- What to do:
From the line containing "Some of the text" down to the last line of the listing, quote everything word for word, and nothing else, keeping pictures out.

Segment Start: Listed records

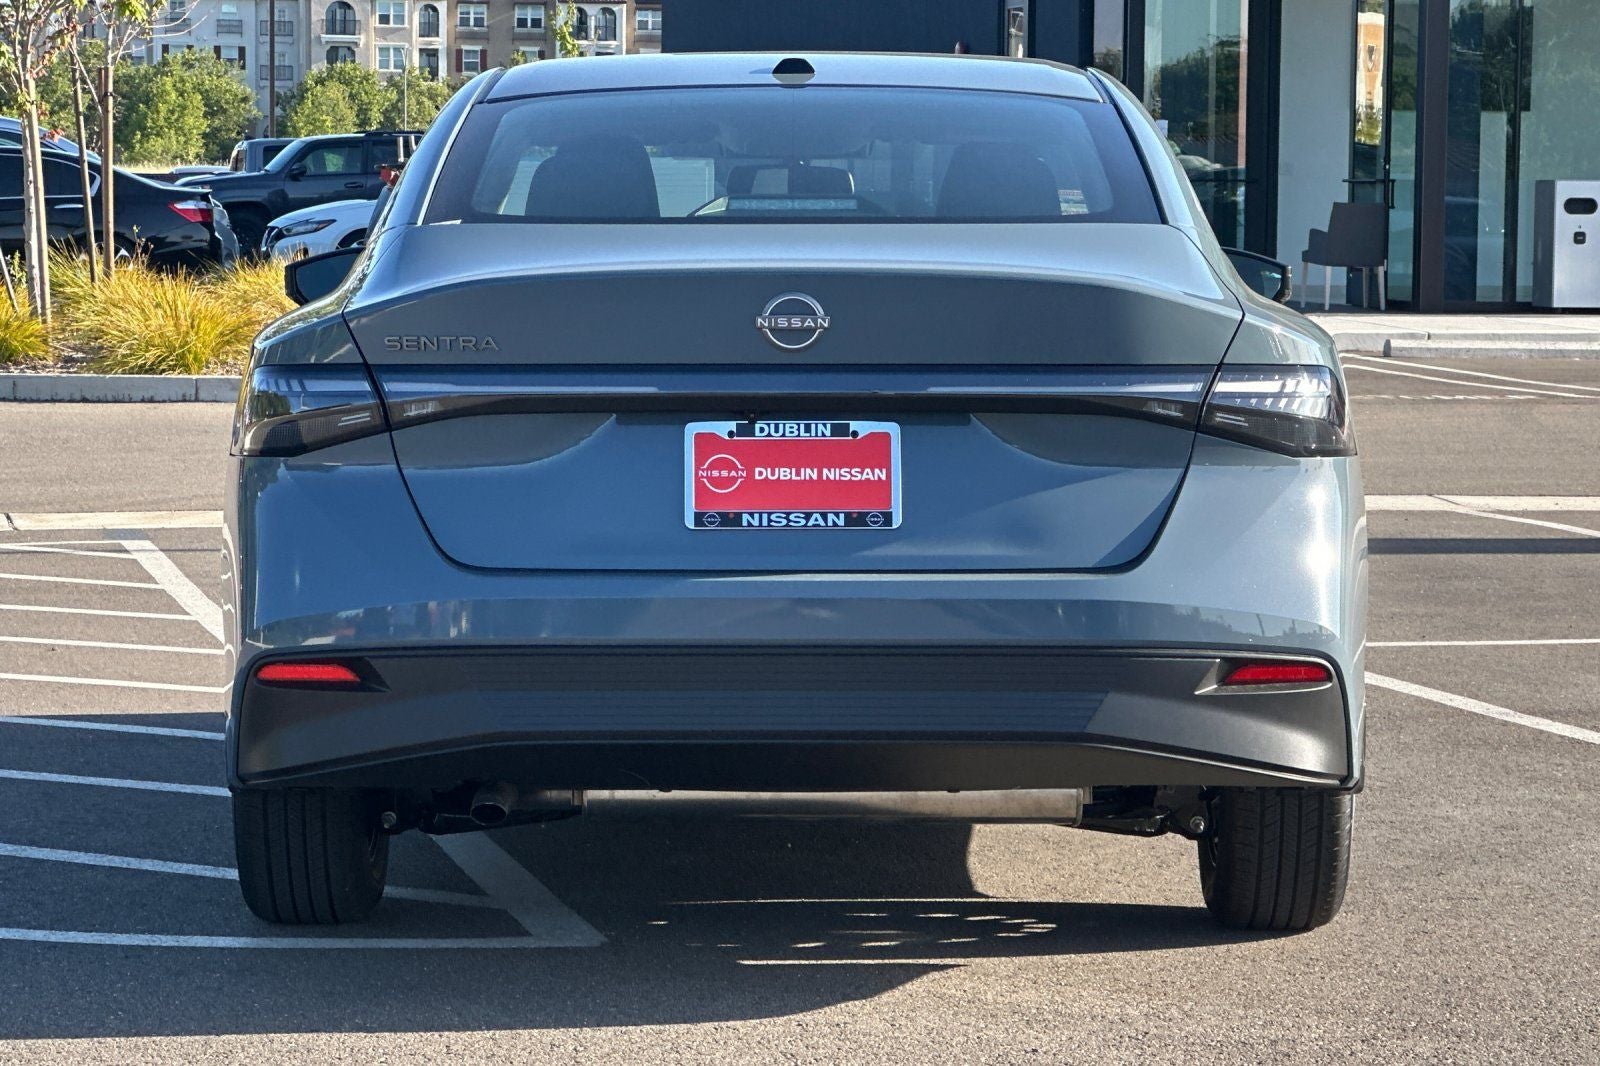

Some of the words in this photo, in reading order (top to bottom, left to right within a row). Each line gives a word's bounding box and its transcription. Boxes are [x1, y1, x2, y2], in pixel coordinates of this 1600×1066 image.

[757, 318, 829, 328] NISSAN
[384, 336, 499, 351] SENTRA
[754, 423, 831, 437] DUBLIN
[698, 470, 747, 478] NISSAN
[754, 467, 818, 481] DUBLIN
[822, 467, 887, 481] NISSAN
[741, 512, 845, 527] NISSAN
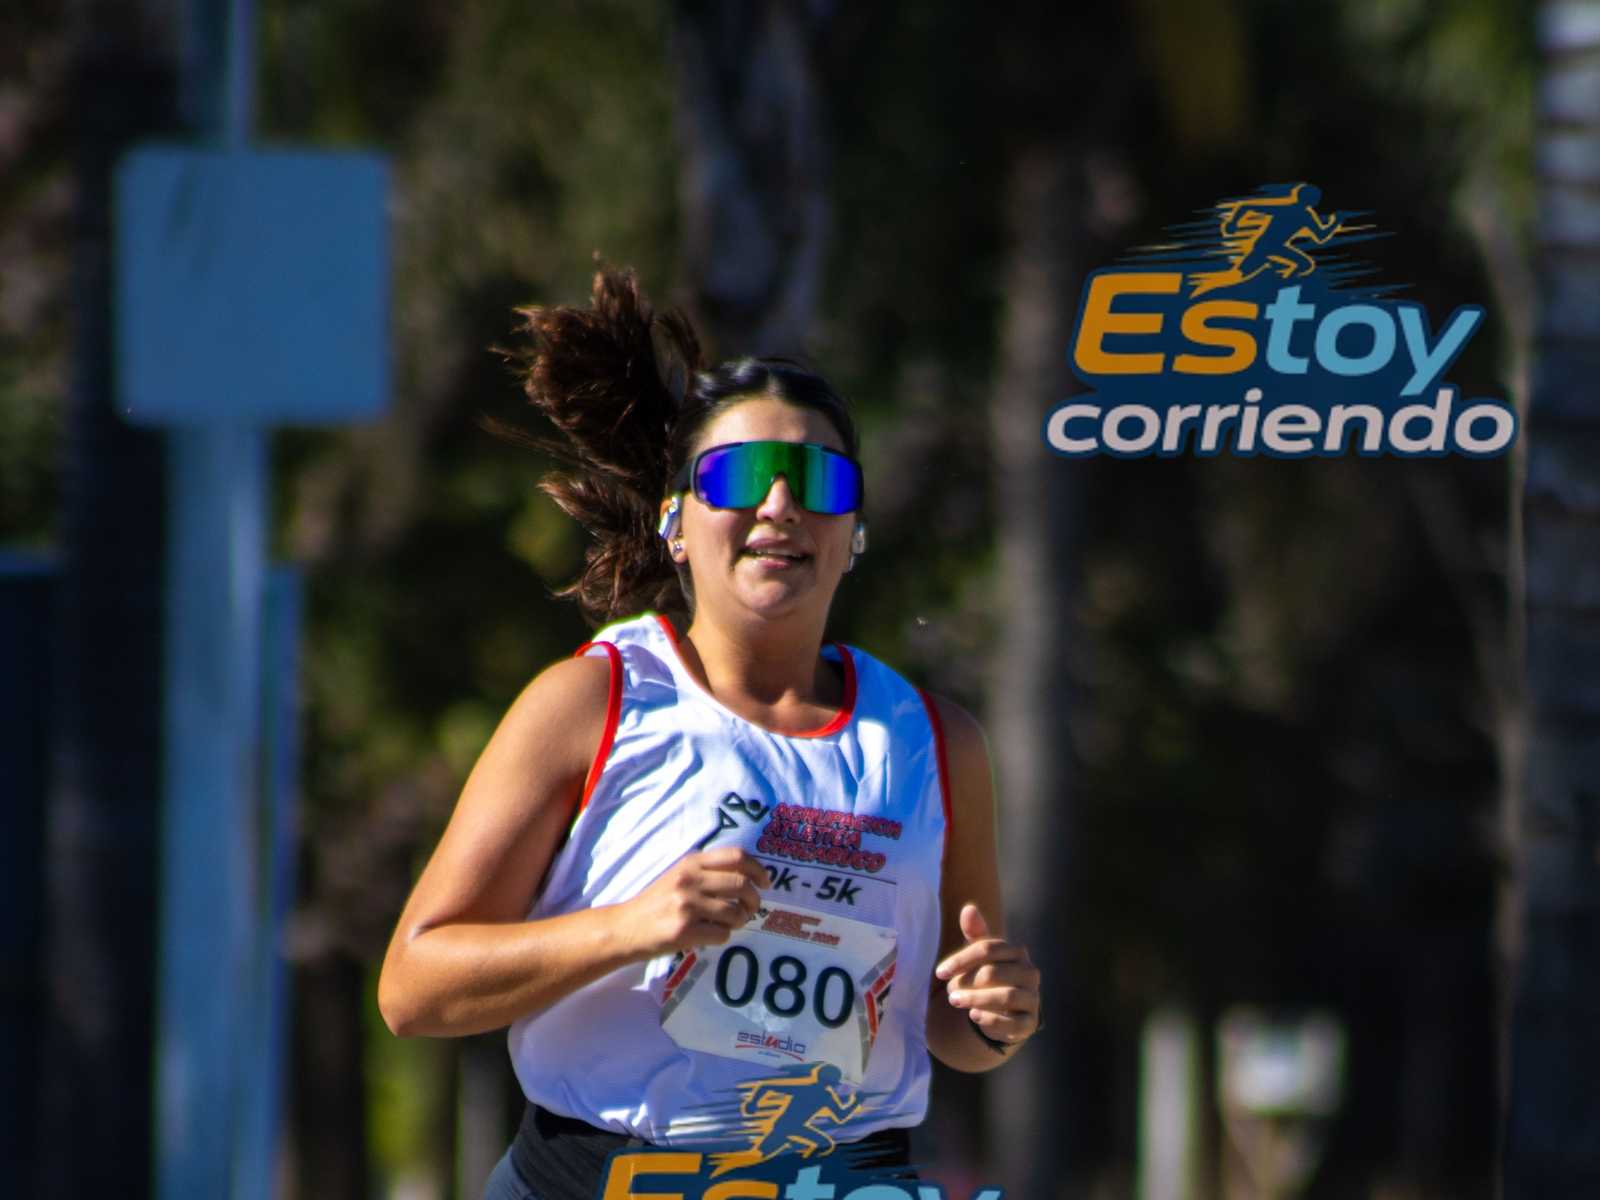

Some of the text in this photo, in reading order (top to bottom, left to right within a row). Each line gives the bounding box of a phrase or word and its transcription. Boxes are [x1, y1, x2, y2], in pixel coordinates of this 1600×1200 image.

[815, 876, 862, 906] 5k
[714, 945, 856, 1029] 080
[736, 1030, 806, 1054] estudio
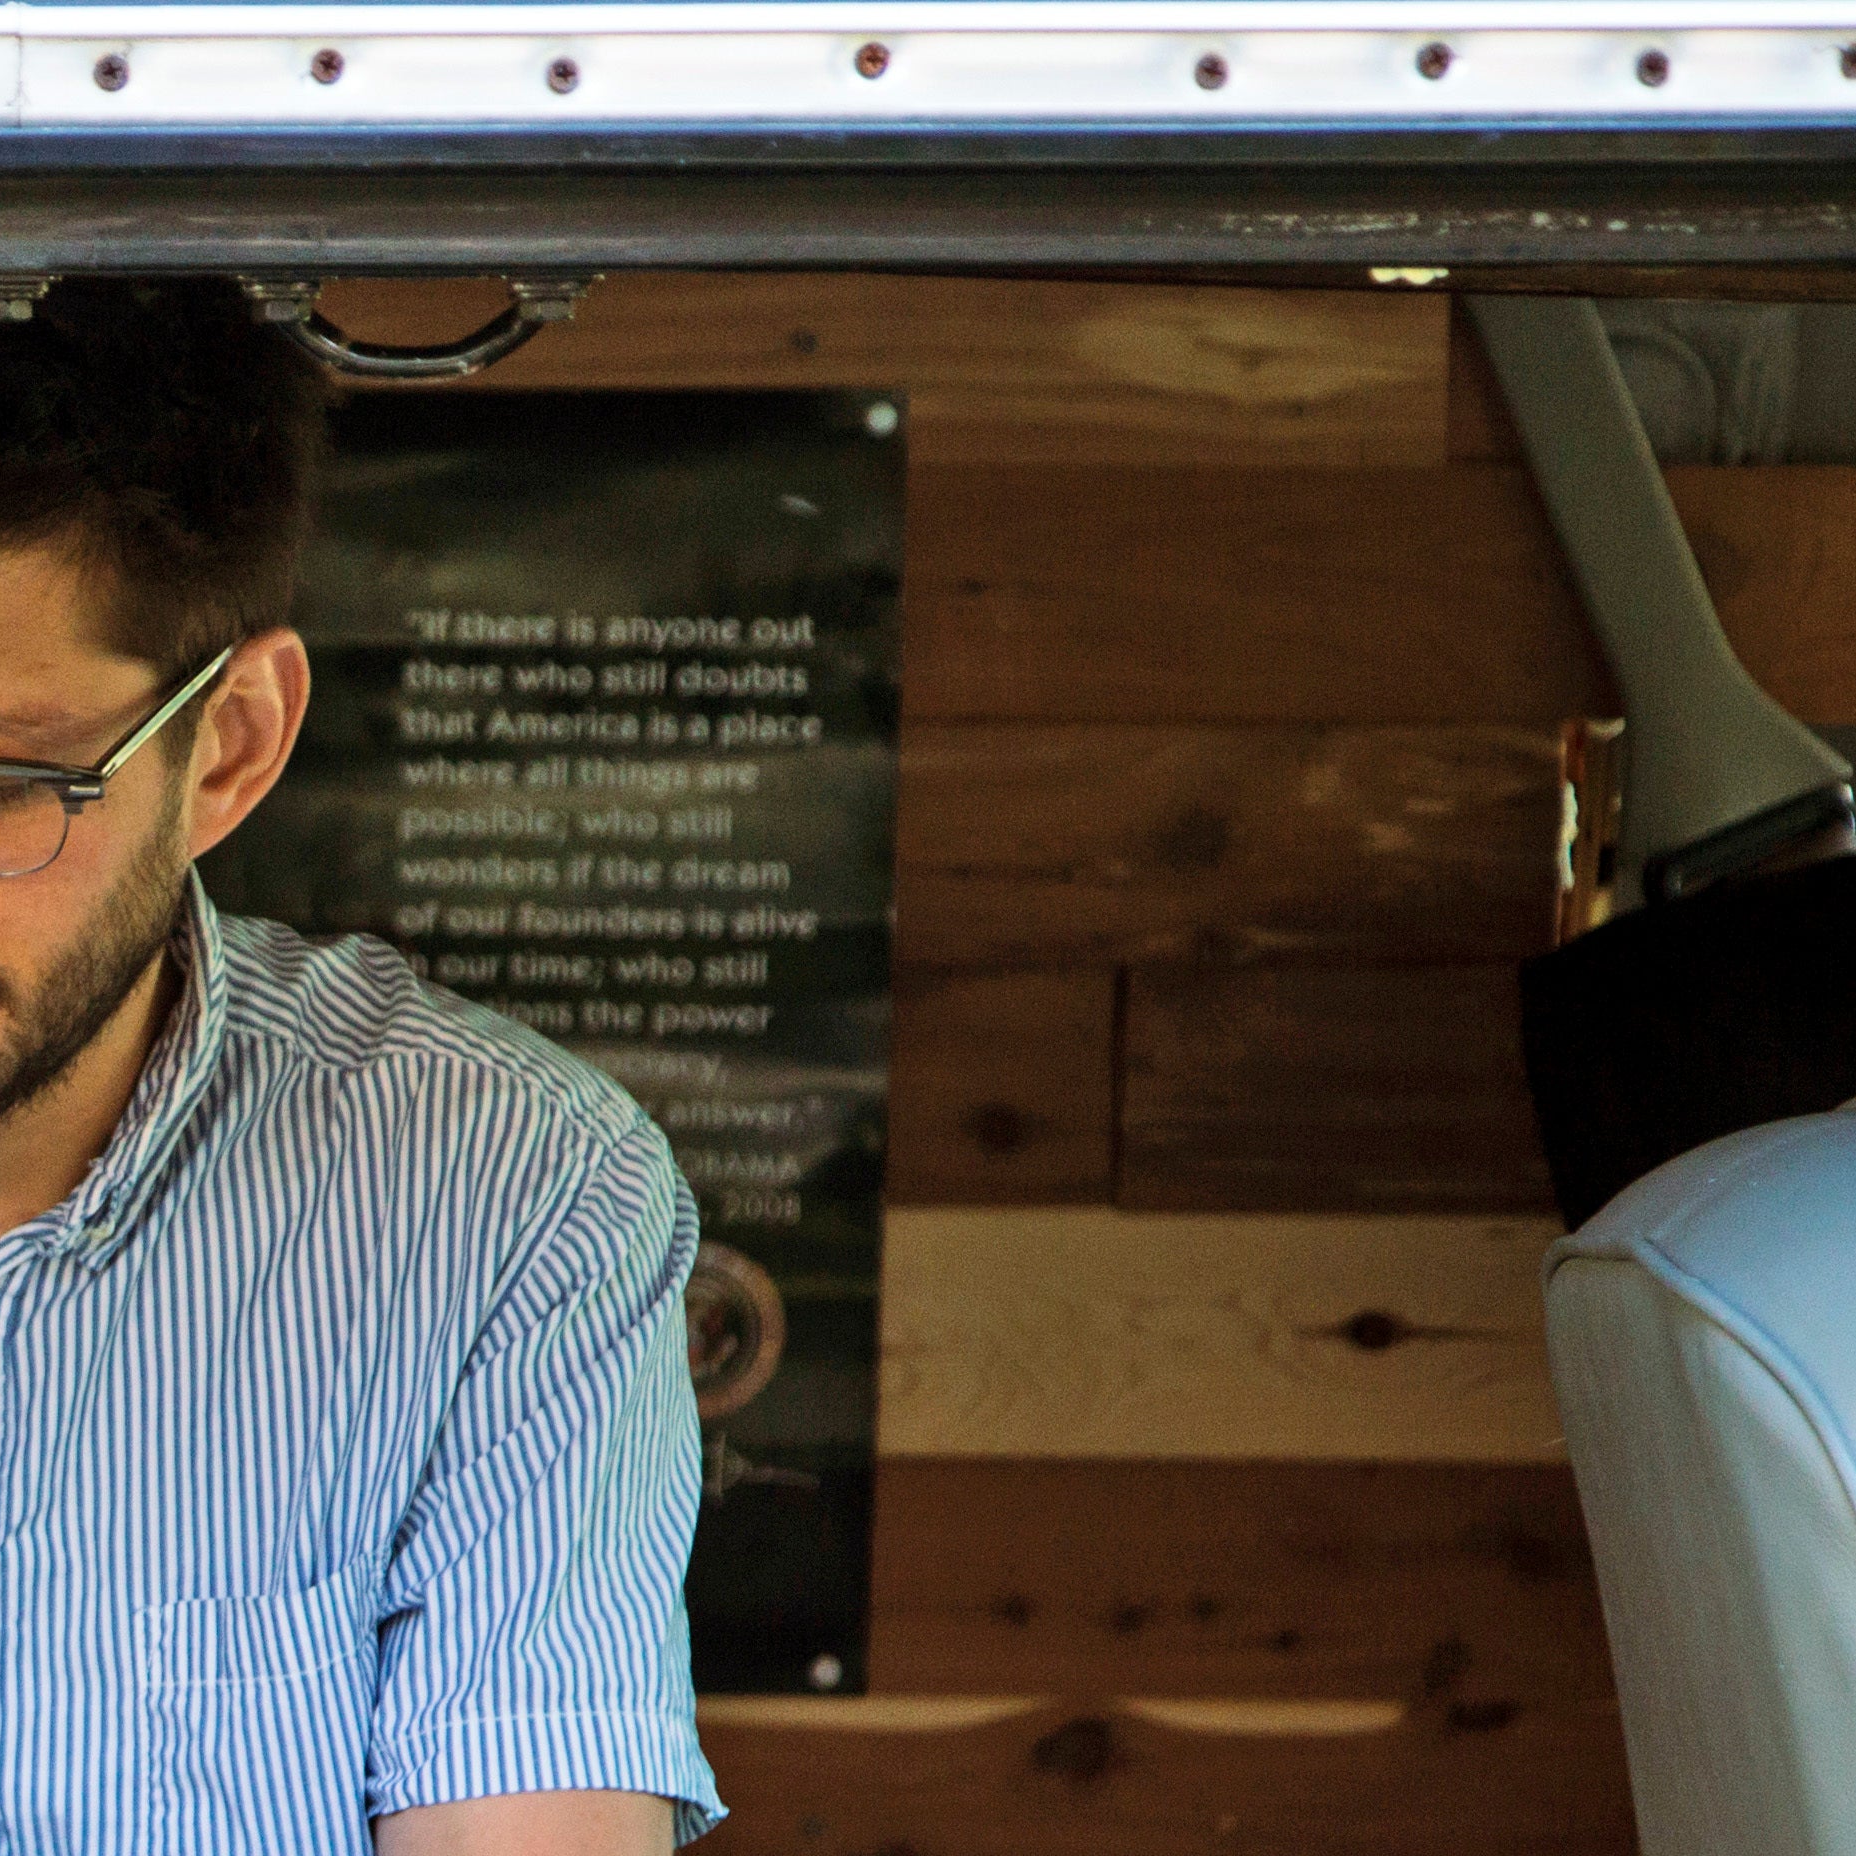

Segment End: Listed records

- Reply:
Some of the text in this photo, in reading order (top to bottom, left to right within a row). Each line gives the bounding box of a phrase or word and its transcription. Boxes are [x1, y1, x2, y2], in pixel coordinates of this 1600×1200 image.

[815, 876, 862, 906] 5k
[714, 945, 856, 1029] 080
[736, 1030, 806, 1054] estudio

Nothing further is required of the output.